Your singular goal on the MCAT is to prepare better than your peers. What does the ideal prep plan look like?
a. Plan to take the MCAT just once. Unlike the SAT or ACT, med schools see every score you get on the MCAT, so you want to make each test date count. Plus, each time you take the MCAT you lose a piece of your soul, so you should preserve as much of your soul as you can.
b. Prepare when you don't have school, ideally over the summer. Your brain only has so much capacity for studying, so trying to study for the MCAT while you're in school depletes needed brain power. Avoid doing so if possible.
c. Plan to prepare for six months, putting in at least 300 hours of studying, test-taking, and review. This will be the hardest test you've ever taken, and I would much rather you over-prepare than under-prepare.
d. Take a prep class if you can afford it. You're trying to prepare more efficiently than your peers, and a prep class provides several advantages that are hard to replicate:
- it helps you understand the material better and more quickly
- it gives you all the materials you need
- it gives you access to talented teachers who can make you a better test-taker
- it gives you a study plan
- it gives you accountability, to make sure that you stick to your plan
Don't underestimate that last one. The single biggest place that most test-takers fall down is that they think they can stay motivated on their own. It's like going to the gym. Sure, you can go on your own, but you're more likely to stay disciplined if you've got a workout buddy.
If you can't afford a prep course, you can find all of the above benefits in other places, but it's going to take you more time and resourcefulness, so plan to devote even more hours to your preparation.
3. Do one activity that has nothing to do with medicine.
There's so much to do as a pre-med, and it's easy to start making everything you do relate to getting into medical school. That's a mistake. For one, if everything you do relates to medicine, what are you going to talk about with patients? Further, put yourself in the shoes of a medical school interviewer. You've got 15 people to interview that day. Are you really excited to talk about one more generic research project? A mundane volunteering experience?

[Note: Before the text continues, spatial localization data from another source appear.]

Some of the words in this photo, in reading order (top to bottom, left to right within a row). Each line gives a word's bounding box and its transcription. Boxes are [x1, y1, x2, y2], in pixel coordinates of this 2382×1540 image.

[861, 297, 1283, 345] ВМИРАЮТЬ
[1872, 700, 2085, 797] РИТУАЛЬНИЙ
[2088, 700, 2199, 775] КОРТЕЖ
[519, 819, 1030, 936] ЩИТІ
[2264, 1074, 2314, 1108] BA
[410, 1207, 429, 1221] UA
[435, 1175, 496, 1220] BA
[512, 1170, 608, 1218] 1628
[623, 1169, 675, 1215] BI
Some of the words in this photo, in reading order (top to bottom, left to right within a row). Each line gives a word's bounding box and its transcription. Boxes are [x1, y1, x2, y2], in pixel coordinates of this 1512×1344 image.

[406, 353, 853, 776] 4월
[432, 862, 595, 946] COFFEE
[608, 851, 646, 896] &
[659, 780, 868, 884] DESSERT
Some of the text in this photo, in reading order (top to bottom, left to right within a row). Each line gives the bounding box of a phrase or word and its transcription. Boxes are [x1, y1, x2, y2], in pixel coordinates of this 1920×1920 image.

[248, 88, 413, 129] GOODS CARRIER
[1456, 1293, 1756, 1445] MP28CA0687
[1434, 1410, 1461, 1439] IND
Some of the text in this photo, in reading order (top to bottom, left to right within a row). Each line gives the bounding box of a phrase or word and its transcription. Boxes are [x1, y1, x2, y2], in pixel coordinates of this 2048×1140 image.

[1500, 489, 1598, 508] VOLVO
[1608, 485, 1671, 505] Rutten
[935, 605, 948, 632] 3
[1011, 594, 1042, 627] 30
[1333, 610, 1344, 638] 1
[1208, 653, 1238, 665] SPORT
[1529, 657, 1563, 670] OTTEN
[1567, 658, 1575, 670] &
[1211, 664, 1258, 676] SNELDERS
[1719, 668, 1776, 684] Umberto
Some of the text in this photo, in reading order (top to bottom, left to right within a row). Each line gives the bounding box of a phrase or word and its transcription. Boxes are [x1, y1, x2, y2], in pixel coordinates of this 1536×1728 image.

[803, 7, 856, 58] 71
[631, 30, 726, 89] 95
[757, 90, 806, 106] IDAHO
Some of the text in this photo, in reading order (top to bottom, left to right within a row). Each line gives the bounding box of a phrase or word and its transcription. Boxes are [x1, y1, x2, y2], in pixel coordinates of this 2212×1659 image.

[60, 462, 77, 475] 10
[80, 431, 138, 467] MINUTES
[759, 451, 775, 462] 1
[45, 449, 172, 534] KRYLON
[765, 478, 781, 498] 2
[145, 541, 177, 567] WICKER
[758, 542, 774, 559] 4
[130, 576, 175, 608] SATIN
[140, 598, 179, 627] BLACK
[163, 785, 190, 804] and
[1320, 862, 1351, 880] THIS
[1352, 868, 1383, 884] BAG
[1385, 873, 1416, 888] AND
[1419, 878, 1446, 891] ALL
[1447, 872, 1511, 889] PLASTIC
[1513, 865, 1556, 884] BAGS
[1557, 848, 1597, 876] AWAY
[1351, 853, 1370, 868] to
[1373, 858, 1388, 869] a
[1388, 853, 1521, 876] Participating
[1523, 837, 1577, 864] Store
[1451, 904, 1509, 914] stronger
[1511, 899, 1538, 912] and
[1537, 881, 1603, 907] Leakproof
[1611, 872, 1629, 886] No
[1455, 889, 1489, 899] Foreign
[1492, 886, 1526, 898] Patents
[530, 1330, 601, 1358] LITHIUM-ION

I once worked with a student who was a certified scuba diver. She included that fact on her application and spent the majority of her interviews at two different schools talking about scuba diving. Needless to say, she got into both schools.
Think this is an isolated case? Look at what med schools brag about in their class profiles. Ohio State medical school (a solid mid-tier med school) publishes a class profile in which they brag about the "Unique Characteristics" of their incoming class.
Here's their list of "Unique Characteristics":
Dagorhir Medieval combat re-enactor
Girl Scout Gold Award winner
Glassblowing teaching assistant
High fashion model
Knight of Columbus
Lead singer and guitarist
Maccabiah games athlete
Murder mystery play actress
Prison basketball program participant
Theater house manager
What aren't they bragging about? I don't see any pre-med clubs on this list. I don't see much research or volunteering or other "typical" pre-med activities either. It's not that these activities aren't valuable - they are (see part 2) - it's that the typical activities won't help you stand out and get into med school.